Even Bank Directors Are Not “Platonic Masters”: The fiduciary duties of bank boards extend to efforts to exploit banking regulations and manipulate bank regulators

When a board of directors takes action for the primary purpose of thwarting the effectiveness of shareholders’ election of directors, that board violates its duty of loyalty. The rationale for this rule is simple: as between shareholders and directors, shareholders are the principals and directors the agents. In a principal/agent relationship, the principal has the authority to choose the agent and in the context of directors and shareholders, it is fundamentally disloyal for the director/agent to usurp the principal/shareholders’ authority to elect directors. [1] Among non-banking, commercial corporations, this is a matter of settled law and boards are largely loathe (whether to avoid liability or predictable repercussions) to take any corporate action that would thwart the effectiveness of a shareholder vote, such as attempting to prevent a contested election of directors. Yet boards of banking organizations—almost as a matter of course when confronted with an activist investor—will shamelessly take actions with the obvious “purpose of obstructing the legitimate efforts of dissident stockholders in the exercise of their rights to undertake a proxy contest against management.” [2]

The reason for this disparity is simple: shareholders and others charged with policing bank directors’ compliance with their fiduciary duties have simply failed to grasp that otherwise lawful (or at least, colorably permissible) actions (including those regarding banking laws and regulations) nonetheless violate boards’ fiduciary duties to shareholders when they are taken for the purpose of disrupting the shareholder franchise. An obvious example is amending corporate bylaws—an ostensibly legitimate exercise of power in the abstract, it reflects a direct assault on shareholder rights when taken for the purpose of diminishing shareholder voice.
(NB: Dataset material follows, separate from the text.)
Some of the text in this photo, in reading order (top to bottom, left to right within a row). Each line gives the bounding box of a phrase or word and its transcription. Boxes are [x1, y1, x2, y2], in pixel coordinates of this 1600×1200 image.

But the same analysis applies when banking organizations exploit bank regulations and manipulate bank regulators for the purpose of thwarting the effectiveness of a shareholder vote. [3] Where the primary purpose of a board’s action is the same—disenfranchising shareholders—the instrumentality of that purpose makes little difference, and the same standards for liability should apply.

Banks are highly regulated entities. For any banking organization, there is a plethora of regulatory schemes, with different regulators, laws and regulatory agendas, that are frequently in tension—or even inconsistent—with one another. There are also myriad rationales offered in support of bank regulation, which include protecting the safety and soundness of the financial system and financial institutions, ensuring access to credit and other banking products, and preventing unfair competition for banking services. Protecting an entrenched board from accountability to shareholders, however, is clearly not a legitimate goal of any bank regulatory scheme. The fact that entrenched boards are able to exploit banking regulations (such as prior approval requirements for certain share purchases or proxy solicitations) and banking regulators (who may have fallen prey to regulatory capture) does not translate to a conclusion that their actions are in furtherance of any legitimate regulatory objective.
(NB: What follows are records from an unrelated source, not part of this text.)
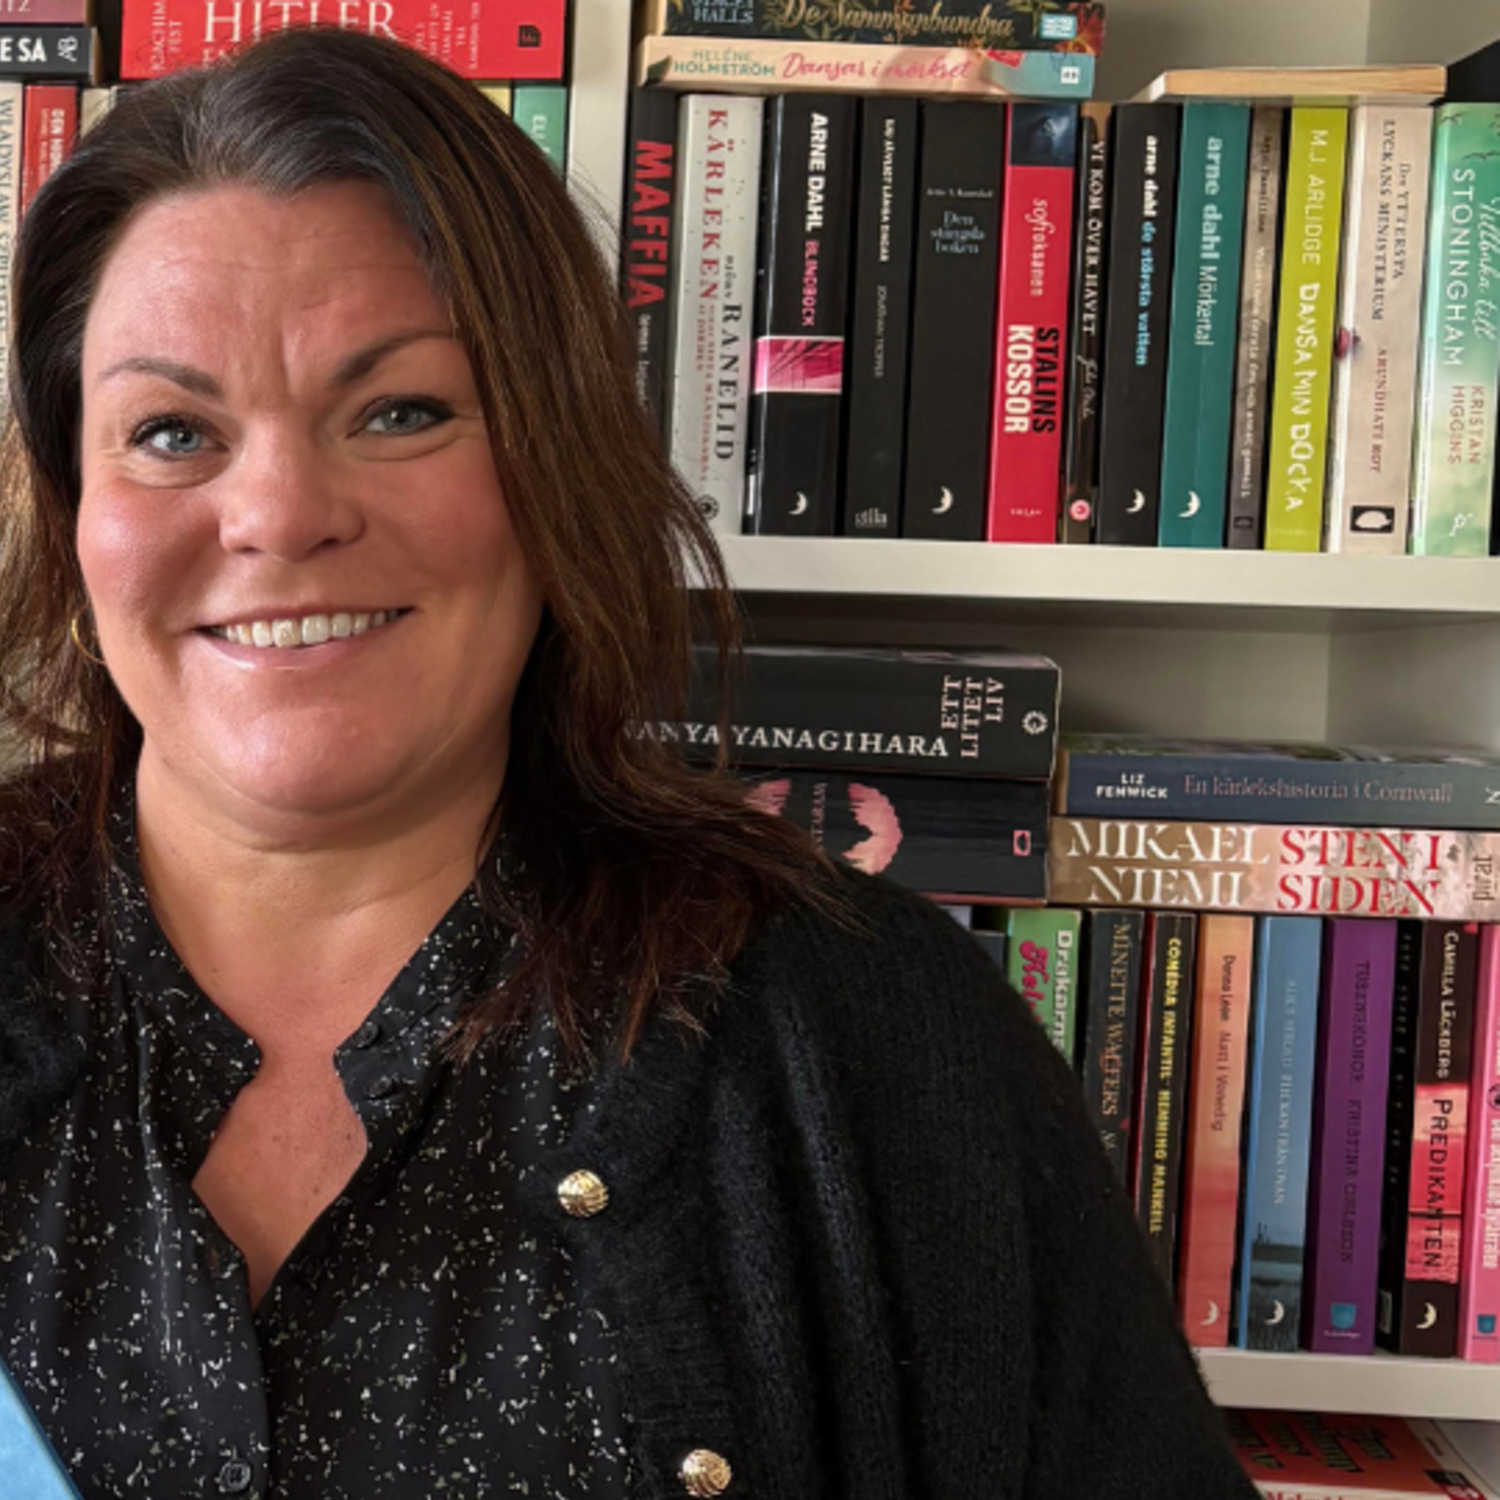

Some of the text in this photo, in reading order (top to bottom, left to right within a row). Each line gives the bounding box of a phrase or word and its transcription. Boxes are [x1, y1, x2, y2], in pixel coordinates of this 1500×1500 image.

[17, 38, 46, 64] SA
[201, 0, 398, 42] HITLER
[673, 61, 775, 78] HOLMSTRÖM
[626, 140, 674, 310] MAFFIA
[699, 109, 735, 301] KÄRLEKEN
[801, 113, 829, 327] ARNE DAHL BLINDBOCK
[1087, 168, 1105, 211] KOM
[1137, 136, 1160, 308] arne dahl de största
[1301, 174, 1326, 266] ARLIDGE
[1193, 136, 1224, 347] arne dahl Mörkertal
[1441, 168, 1475, 366] STONINGHAM
[1292, 282, 1321, 365] DANSA
[713, 303, 743, 462] RANELID
[1004, 324, 1036, 434] KOSSOR
[1033, 326, 1061, 435] STALINS
[1288, 370, 1317, 416] MIN
[1447, 386, 1467, 466] HIGGINS
[1467, 386, 1485, 465] KRISTAN
[1284, 423, 1316, 513] DOCKA
[941, 675, 963, 731] ETT
[960, 676, 984, 760] LITET
[985, 676, 1006, 724] LIV
[730, 726, 949, 759] YANAGIHARA
[1064, 821, 1270, 866] MIKAEL
[1279, 828, 1442, 871] STEN I
[1470, 854, 1494, 903] pirat
[1089, 866, 1247, 908] NIEMI
[1275, 873, 1441, 917] SIDEN
[1106, 923, 1131, 1020] MINETTE
[1422, 1099, 1455, 1270] PREDIKANTEN
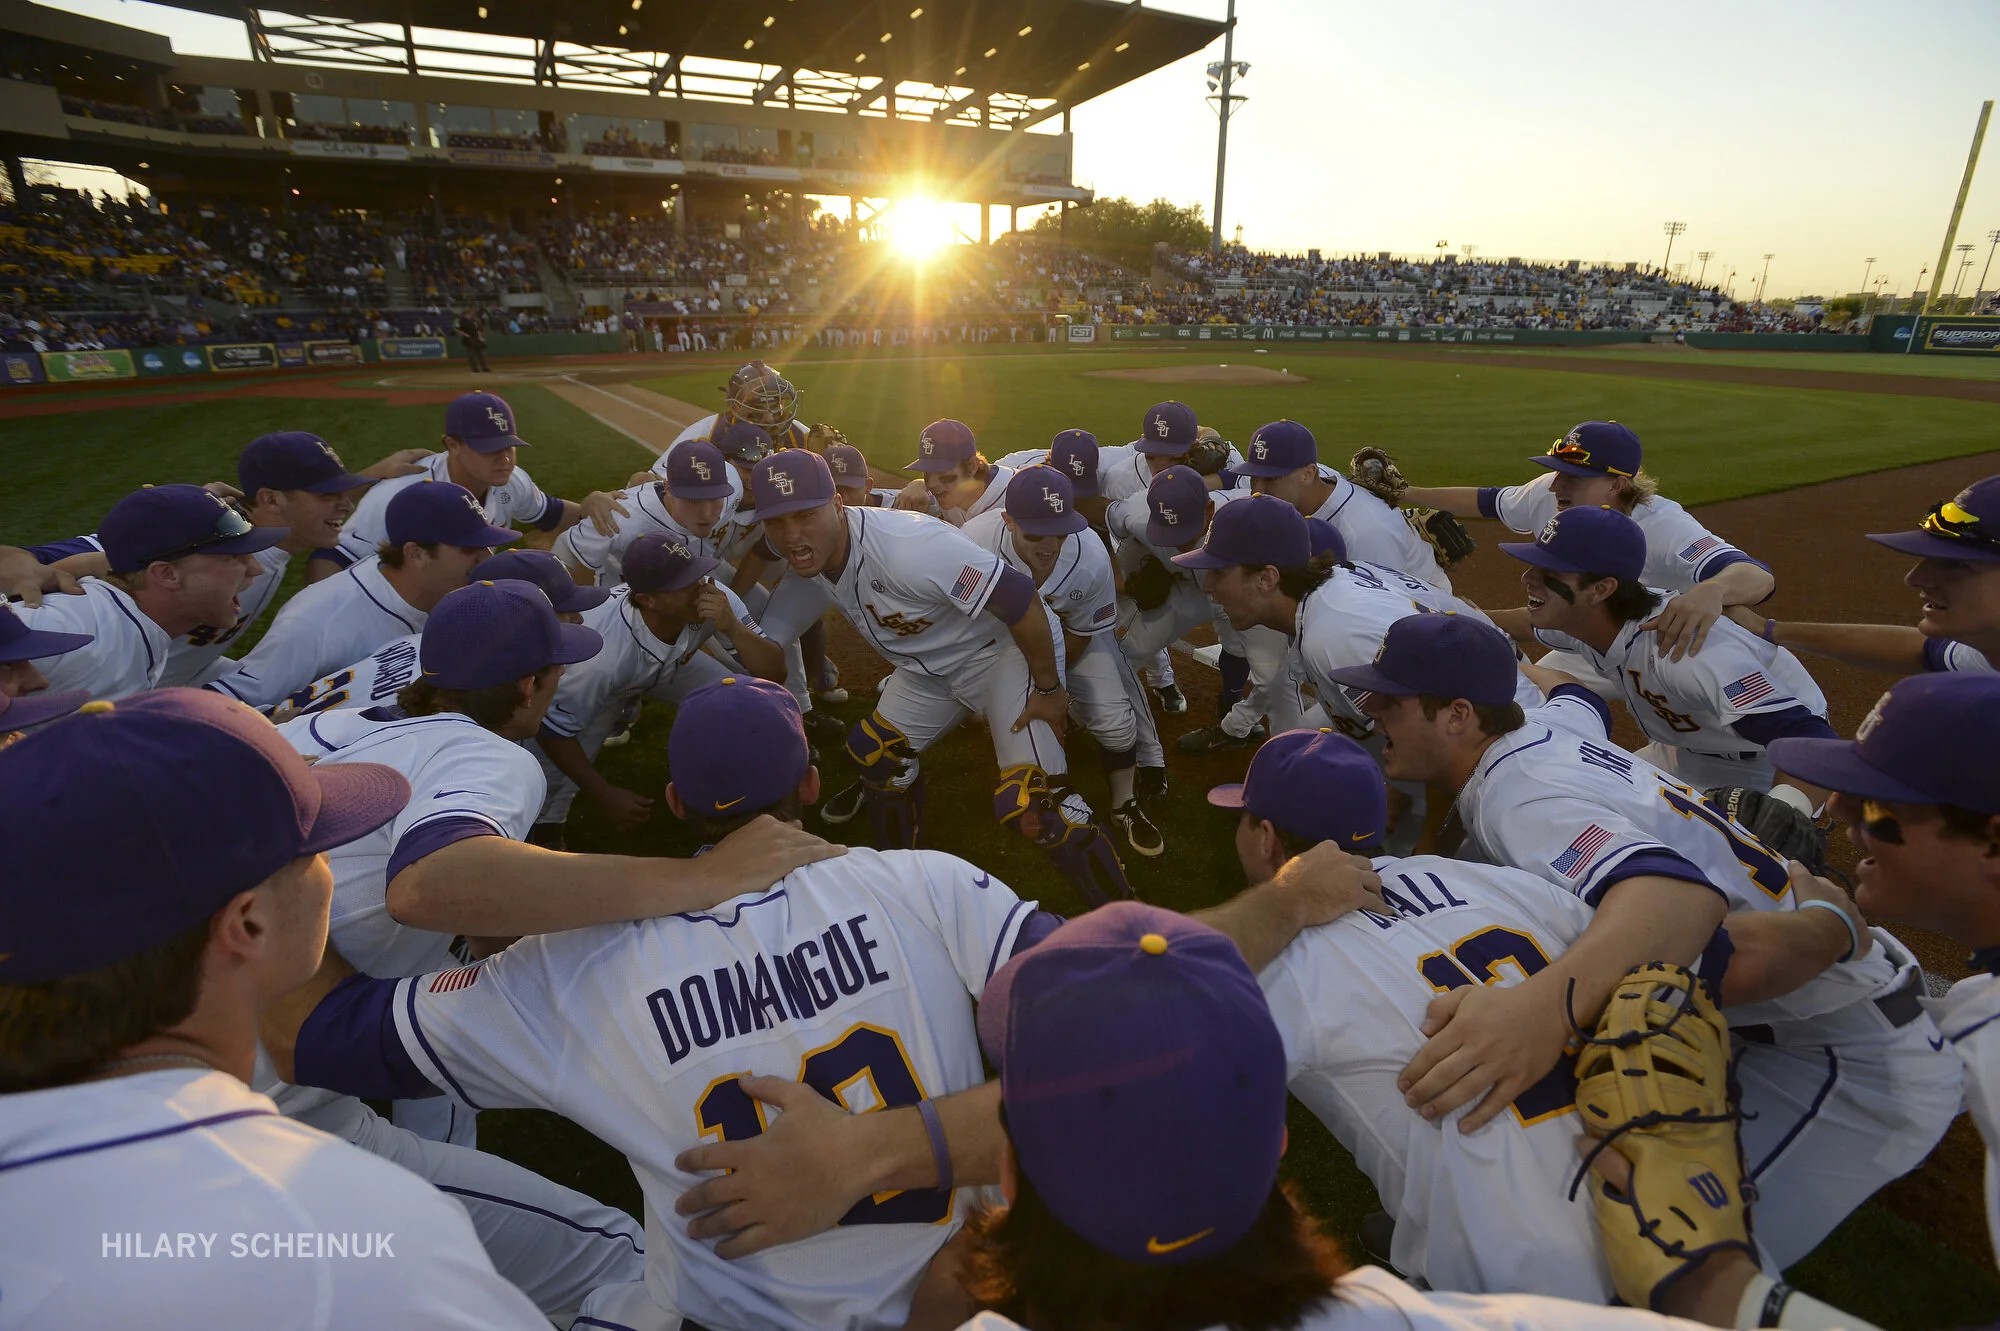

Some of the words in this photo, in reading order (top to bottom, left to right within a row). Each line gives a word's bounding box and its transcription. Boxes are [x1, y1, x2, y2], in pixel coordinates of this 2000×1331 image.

The seminal case of Blasius Industries v. Atlas Corporation stands for the proposition that a board cannot interfere with or impede exercise of the shareholder franchise without a compelling justification. Where the board of a banking organization acts to prevent a contested election or prevent an activist shareholder from voting or soliciting proxies in a contested election, fiduciary duty mandates that a board demonstrate a compelling justification for interfering with shareholders’ right to choose directors. Where the mode of action is lobbying a bank regulator (for example, to prompt regulatory proceedings under a statute within the regulator’s jurisdiction), the requirement for a compelling justification is the same as if the board sought to amend the company’s bylaws for the same purpose. When evaluating a board’s actions, purpose matters; and where that purpose is preventing or impeding a contested election, it is difficult to imagine that a compelling justification exists to support that board’s actions, regardless of whether or not those actions are cloaked in an expressed desire to ensure compliance with banking regulations.
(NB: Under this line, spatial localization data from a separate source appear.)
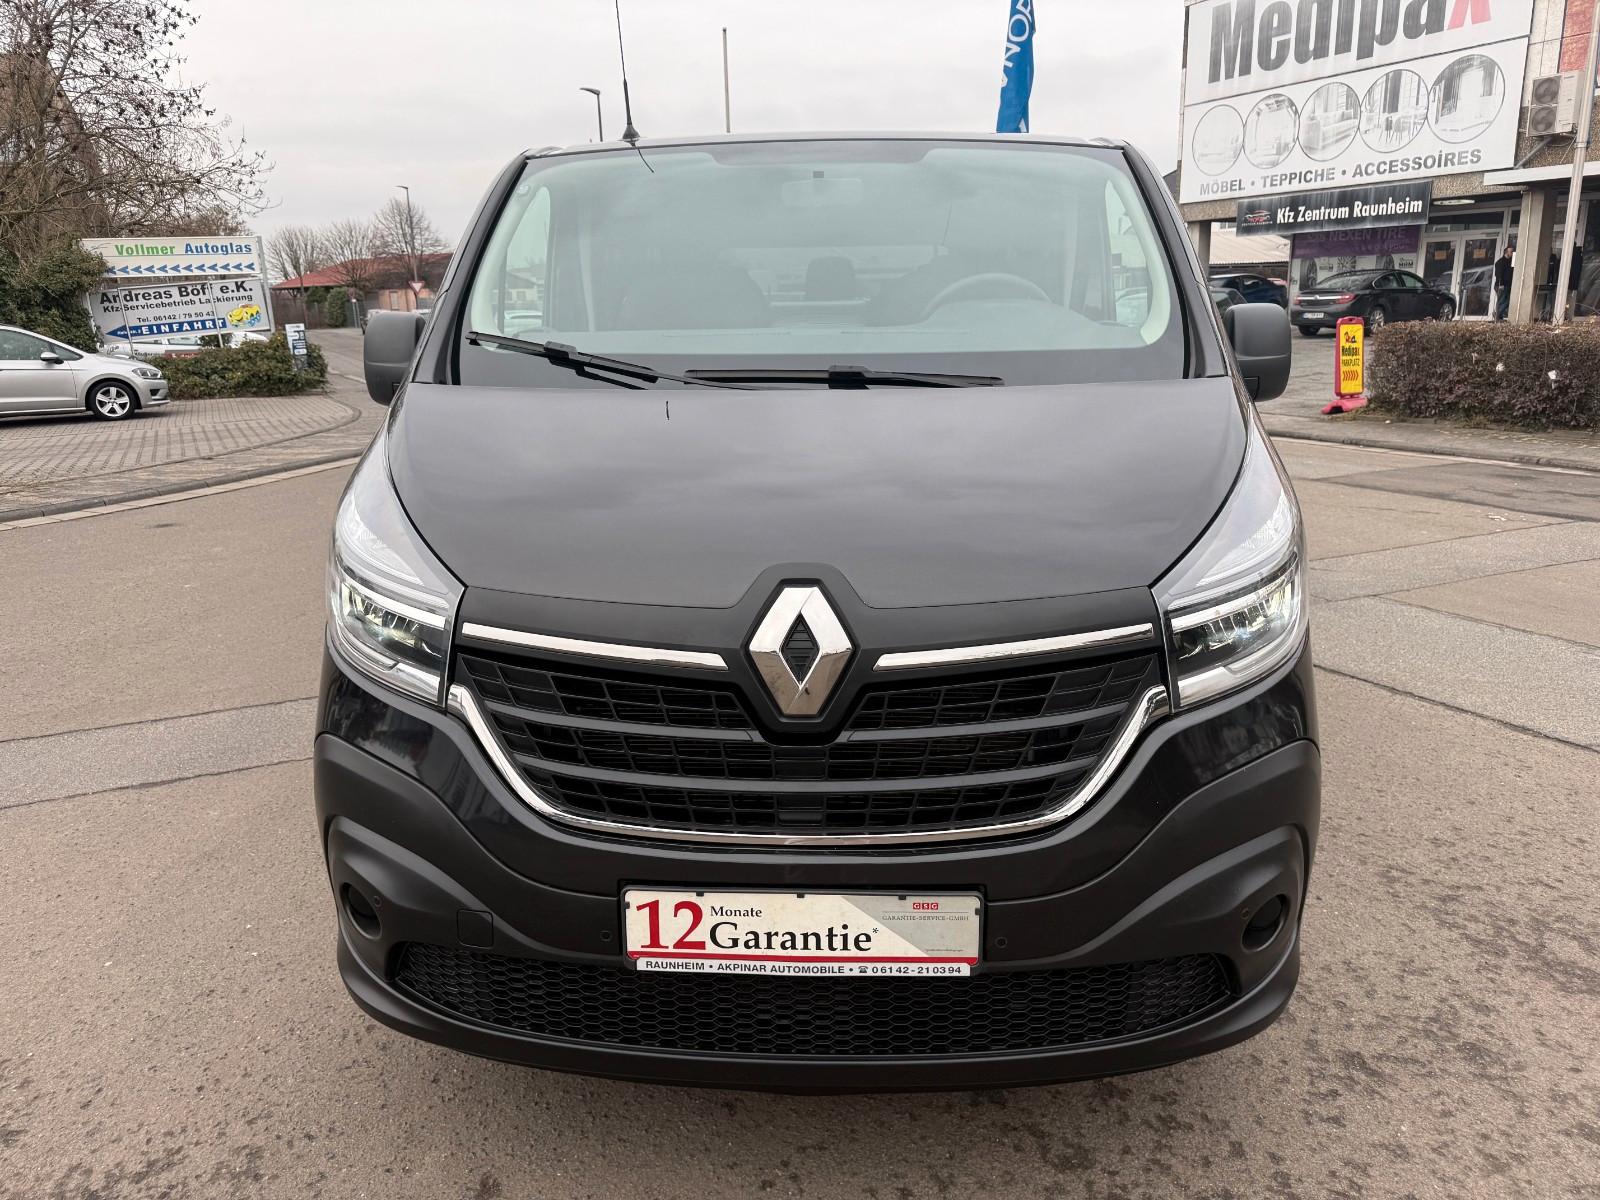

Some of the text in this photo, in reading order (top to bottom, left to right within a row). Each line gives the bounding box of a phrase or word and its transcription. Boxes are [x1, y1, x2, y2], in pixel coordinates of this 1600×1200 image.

[1199, 178, 1246, 196] MÖBEL
[1261, 167, 1336, 189] TEPPICHE
[1277, 197, 1423, 224] Kfz Zentrum Raunheim
[1329, 228, 1374, 241] NEXEN
[1376, 226, 1406, 240] TIRE
[115, 243, 252, 256] Vollmer Autoglas
[100, 290, 173, 304] Andreas
[220, 281, 253, 294] e.K.
[142, 319, 224, 335] EINFAHRT
[710, 905, 763, 918] Monate
[913, 902, 939, 910] GSG
[636, 899, 706, 950] 12
[645, 960, 962, 974] RAUNHEIM AKPINAR AUTOMOBILE 06142-210394
Several states have enacted bank regulations affecting share purchases, voting proxies or the like, requiring prior approval from a banking regulator prior to engaging in the subject activity. The purpose of these regulatory schemes is to give the regulator a chance to decide if further investigation is needed to determine, for instance, whether the purchase or other action might raise safety and soundness or other legitimate regulatory concerns. Prior approval provisions make it easier for bank regulators to further regulatory objectives because they can analyze the potential impact of a transaction before it happens, but it is unclear (at best) that any compelling justification exists when a bank board lobbies a regulator to take action (that the board knows or should know will deprive all shareholders of the right to choose directors) merely because a shareholder had not complied with a prior approval procedure that may or may not even apply to the purchases or other actions at issue.

For example, in anticipation of a 2018 proxy fight with Blue Lion Capital (“Blue Lion”), Homestreet, Inc. (“Homestreet”) lobbied the Washington State Department of Financial Institutions (the “ Washington DFI”) to cause the Washington DFI to issue an interpretation stating that obtaining proxies with respect to more than 25% of the outstanding shares of a Washington bank amounted to a “change of control” for which prior approval was required. This interpretation, which was issued on March 15, 2018, brought an immediate halt to a proxy contest that Blue Lion had started almost two months earlier on January 17, 2018. In that case, the Homestreet board took action (lobbying the Washington DFI) that was clearly intended to interfere with an activist investor’s ability to mount a proxy contest and thereby limited the full exercise of shareholders’ franchise. [4] Whatever interest the Homestreet board might have had in causing the Washington DFI to issue a regulatory interpretation that was clearly designed to disrupt an ongoing contested election for directors, it is difficult to imagine that interest rising to the level of “compelling justification” as set out in Blasius. [5]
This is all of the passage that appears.